» ACTIVITY
Write out, word for word, only the lines from the one containing "Some of the words" through the final line of the data.

» TASK MATERIAL
▼

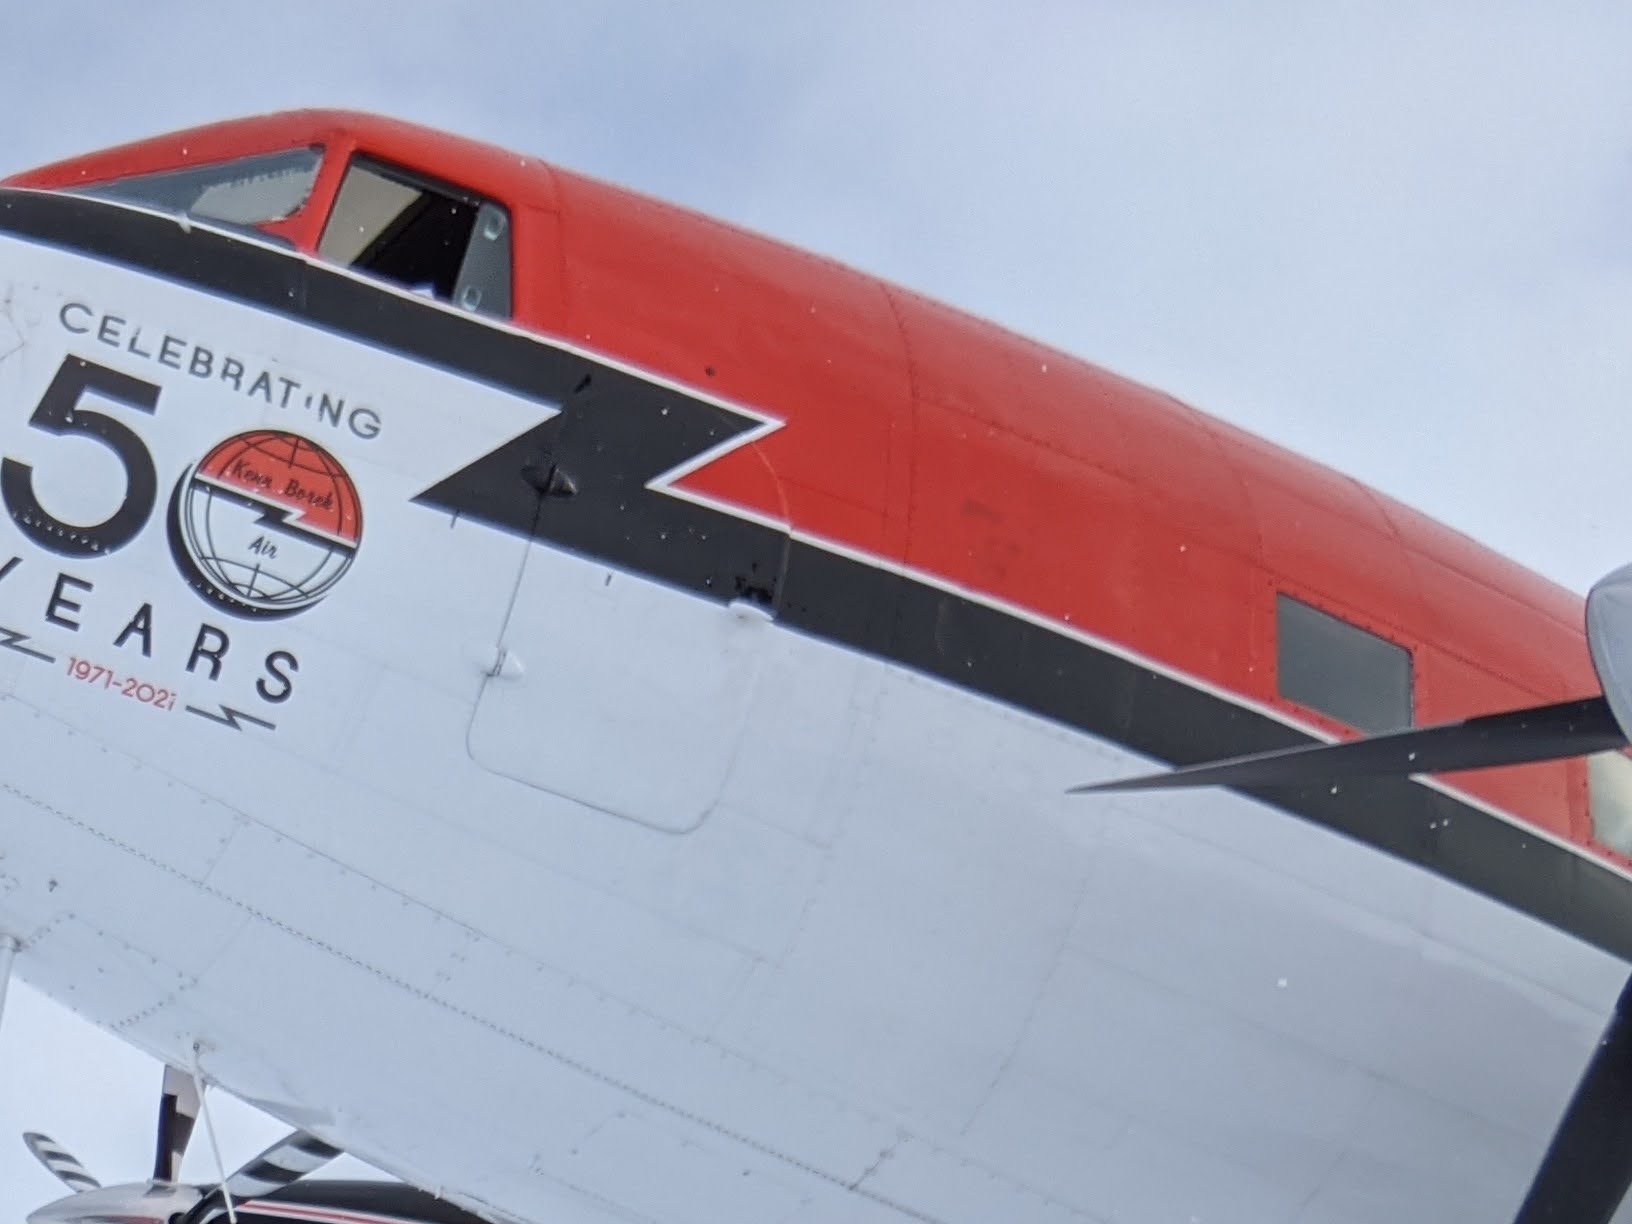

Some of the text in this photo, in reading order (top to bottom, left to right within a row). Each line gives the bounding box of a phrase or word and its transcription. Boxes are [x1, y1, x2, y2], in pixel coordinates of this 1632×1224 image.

[58, 302, 382, 440] CELEBRATING
[247, 535, 278, 560] Air
[66, 657, 177, 712] 1971-2021
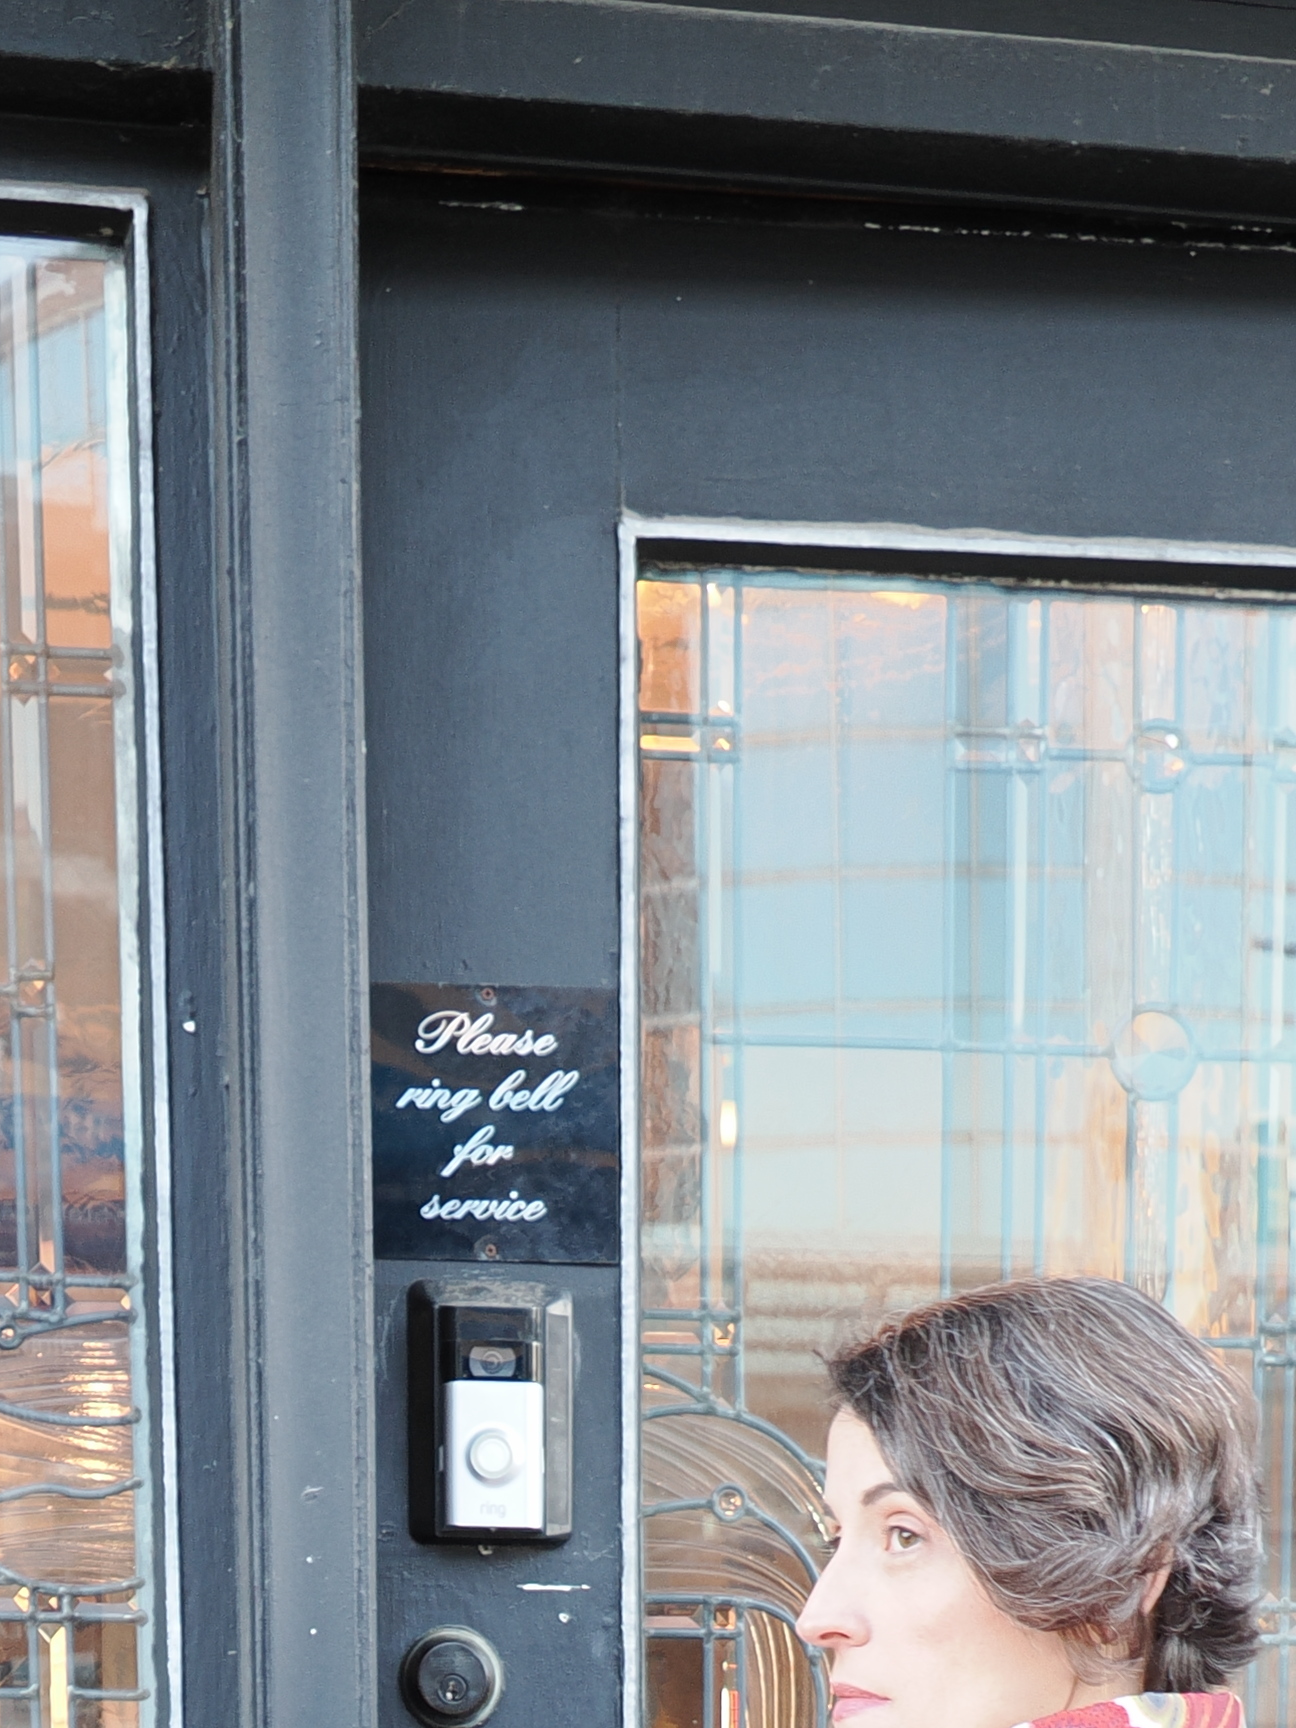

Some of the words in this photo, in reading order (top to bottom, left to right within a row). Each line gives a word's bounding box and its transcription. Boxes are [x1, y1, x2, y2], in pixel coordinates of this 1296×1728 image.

[415, 1010, 558, 1056] Please
[395, 1077, 482, 1123] ring
[488, 1069, 580, 1112] bell
[440, 1124, 514, 1178] for
[419, 1190, 547, 1221] service
[479, 1500, 507, 1519] ring

▲

» RESPONSE TO THE EXERCISE
Some of the words in this photo, in reading order (top to bottom, left to right within a row). Each line gives a word's bounding box and its transcription. Boxes are [x1, y1, x2, y2], in pixel coordinates of this 1296×1728 image.

[415, 1010, 558, 1056] Please
[395, 1077, 482, 1123] ring
[488, 1069, 580, 1112] bell
[440, 1124, 514, 1178] for
[419, 1190, 547, 1221] service
[479, 1500, 507, 1519] ring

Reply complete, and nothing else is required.